**DATA EXTRACT**

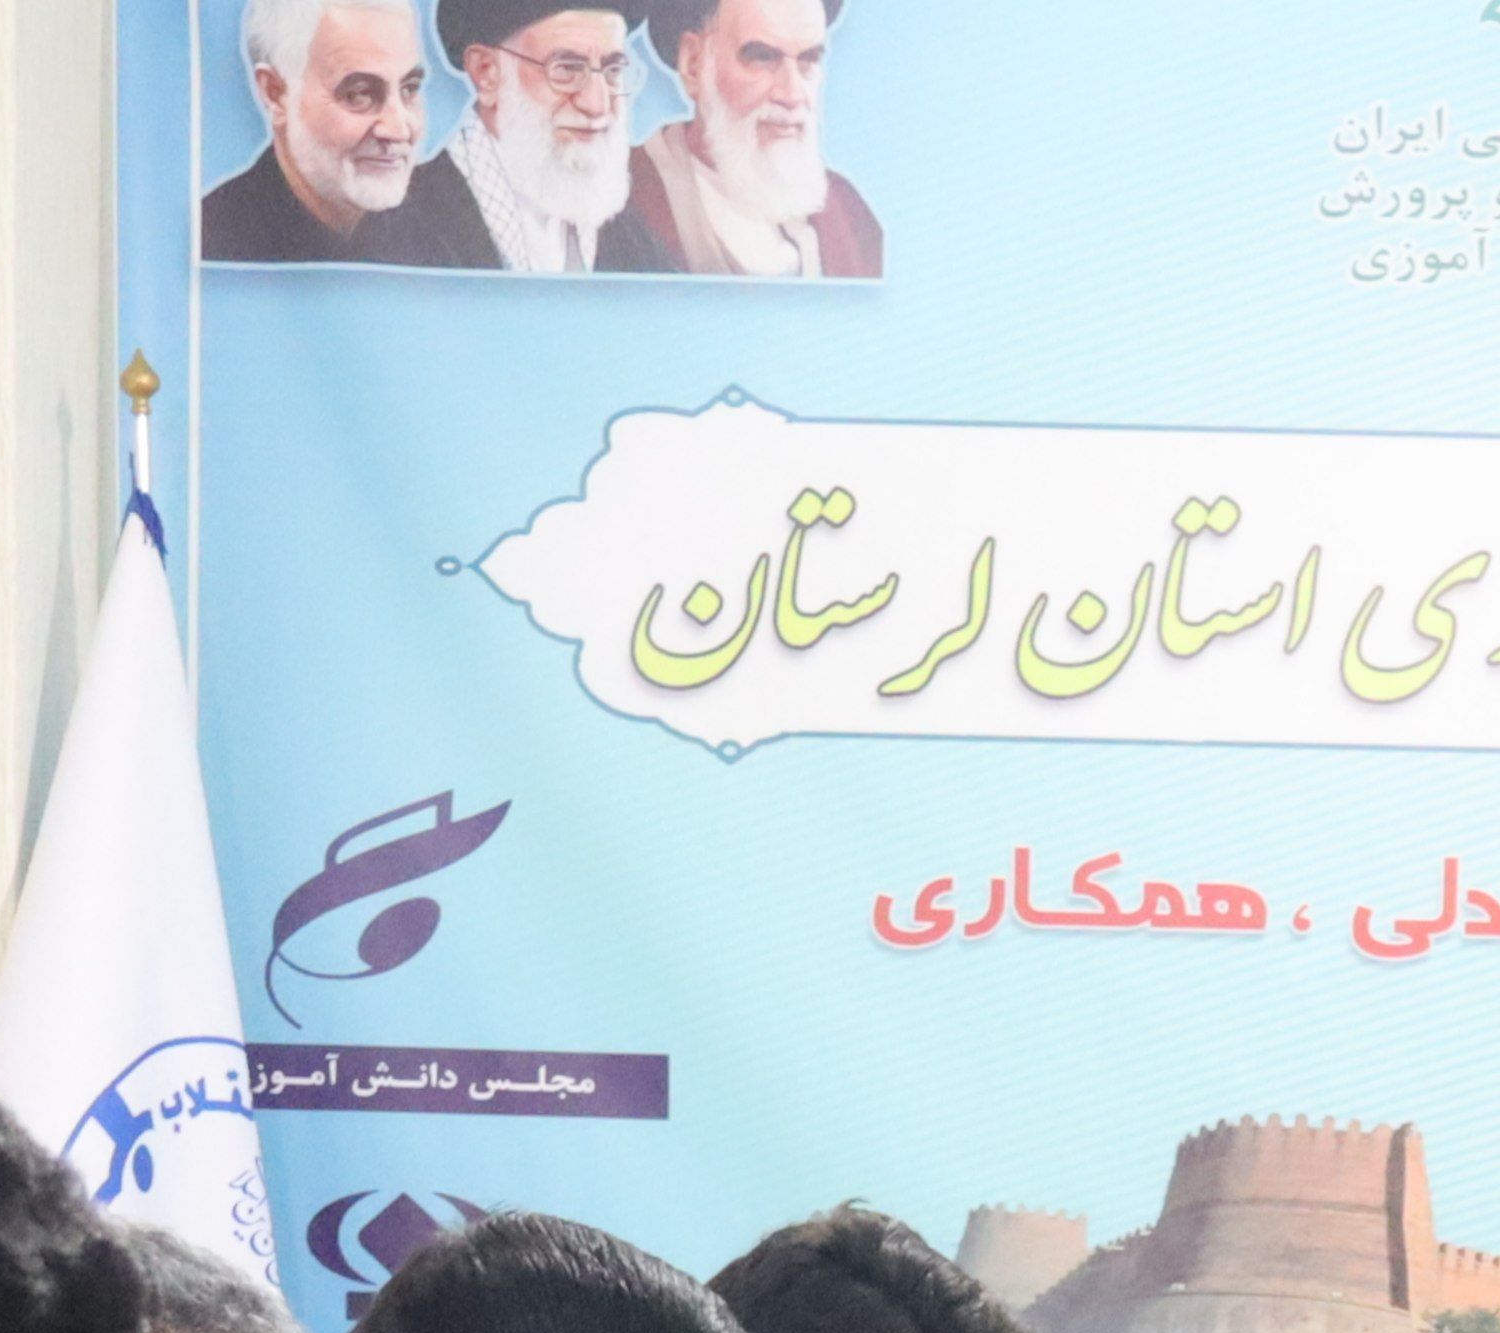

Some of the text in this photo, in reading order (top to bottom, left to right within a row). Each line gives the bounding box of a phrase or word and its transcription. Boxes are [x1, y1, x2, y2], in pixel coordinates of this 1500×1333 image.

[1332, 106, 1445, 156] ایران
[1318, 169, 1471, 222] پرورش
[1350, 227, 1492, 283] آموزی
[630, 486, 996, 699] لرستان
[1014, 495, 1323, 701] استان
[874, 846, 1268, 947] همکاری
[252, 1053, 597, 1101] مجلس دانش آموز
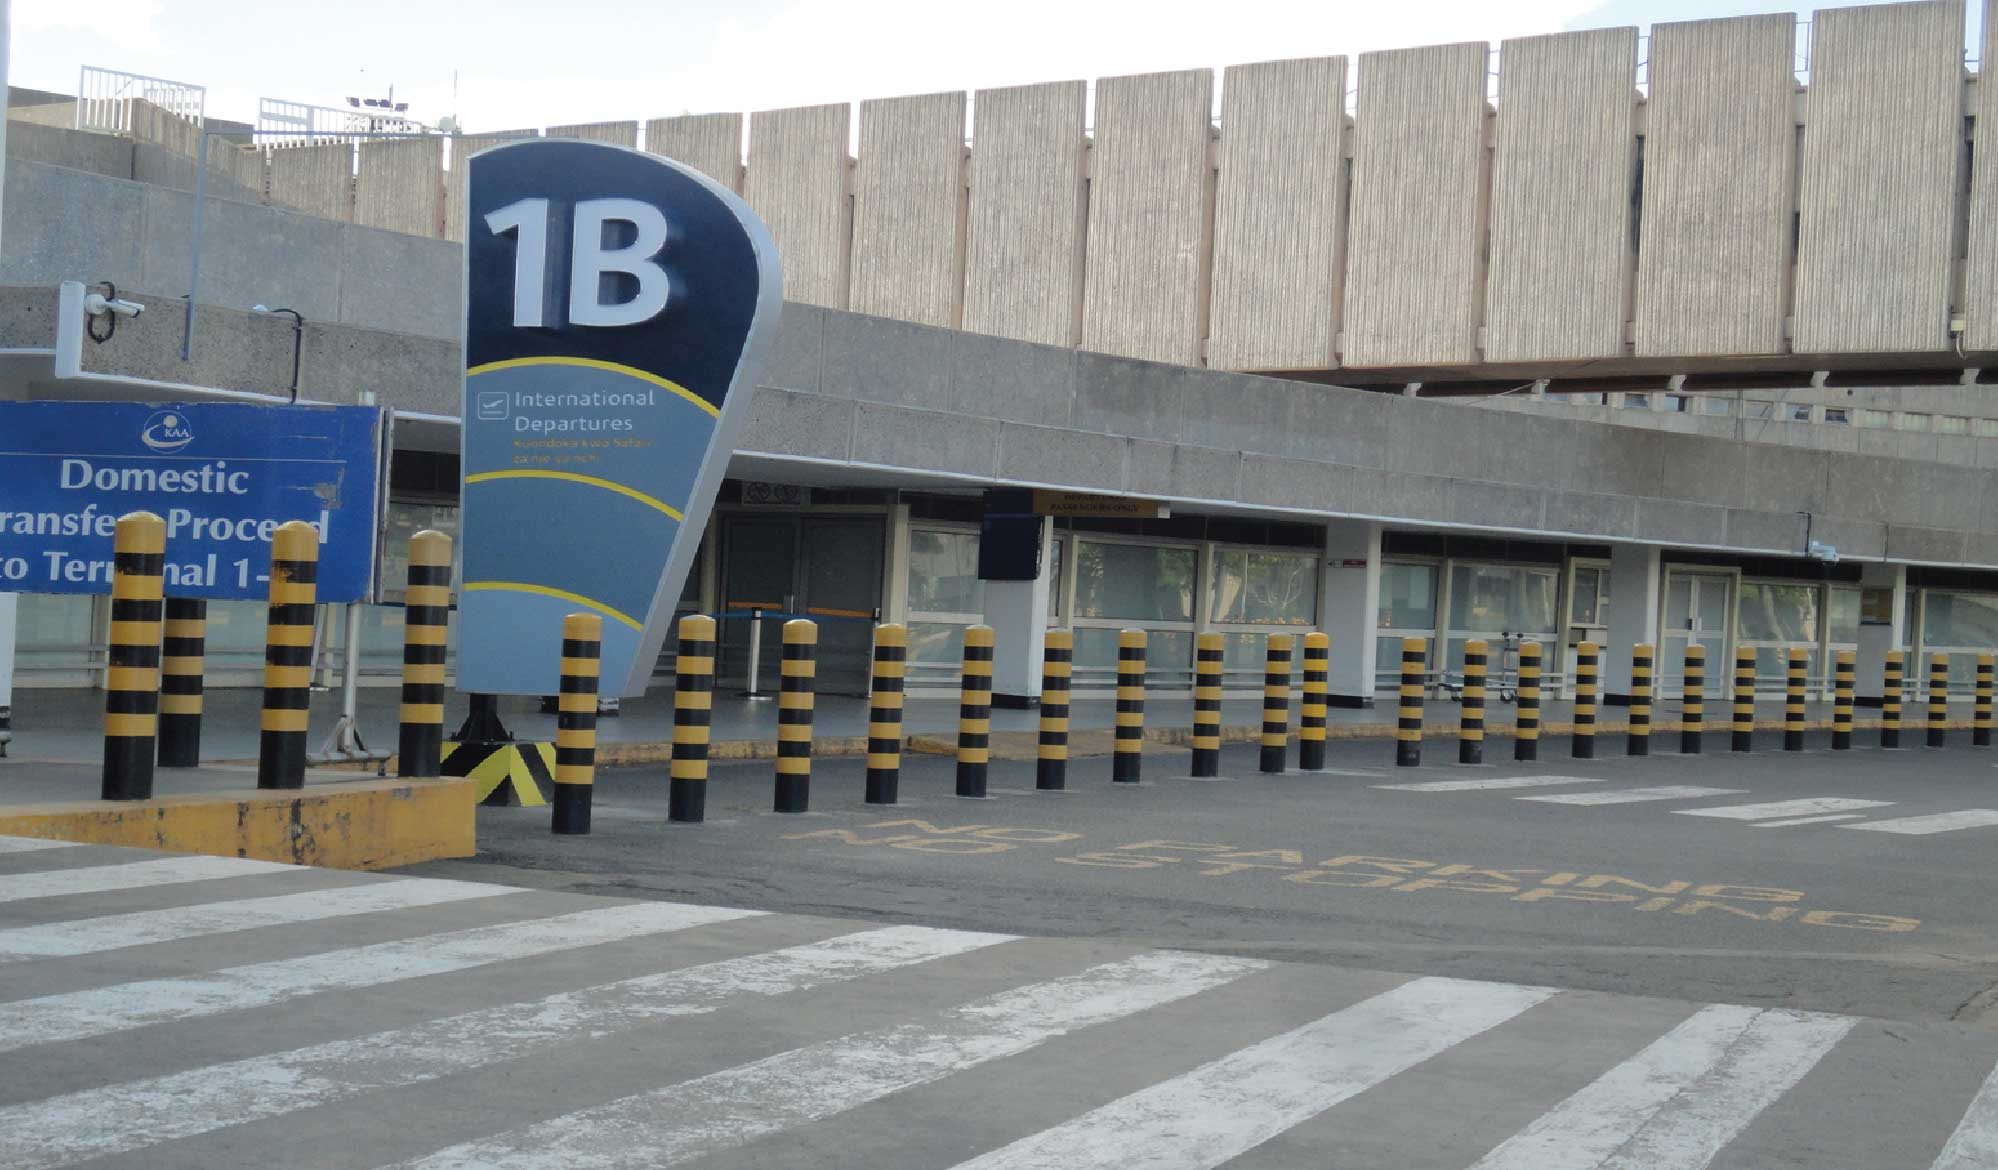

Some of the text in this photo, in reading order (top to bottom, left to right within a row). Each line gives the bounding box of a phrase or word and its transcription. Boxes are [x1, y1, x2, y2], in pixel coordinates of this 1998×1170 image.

**YOUR OBJECTIVE**
Reproduce the material above exactly but drop all images.

**ANSWER FOR THIS EXERCISE**
Some of the text in this photo, in reading order (top to bottom, left to right within a row). Each line gives the bounding box of a phrase or word and its transcription. Boxes are [x1, y1, x2, y2], in pixel coordinates of this 1500×1333 image.

[1332, 106, 1445, 156] ایران
[1318, 169, 1471, 222] پرورش
[1350, 227, 1492, 283] آموزی
[630, 486, 996, 699] لرستان
[1014, 495, 1323, 701] استان
[874, 846, 1268, 947] همکاری
[252, 1053, 597, 1101] مجلس دانش آموز

Some of the text in this photo, in reading order (top to bottom, left to right within a row). Each line gives the bounding box of a phrase or word and its transcription. Boxes are [x1, y1, x2, y2], in pixel coordinates of this 1998×1170 image.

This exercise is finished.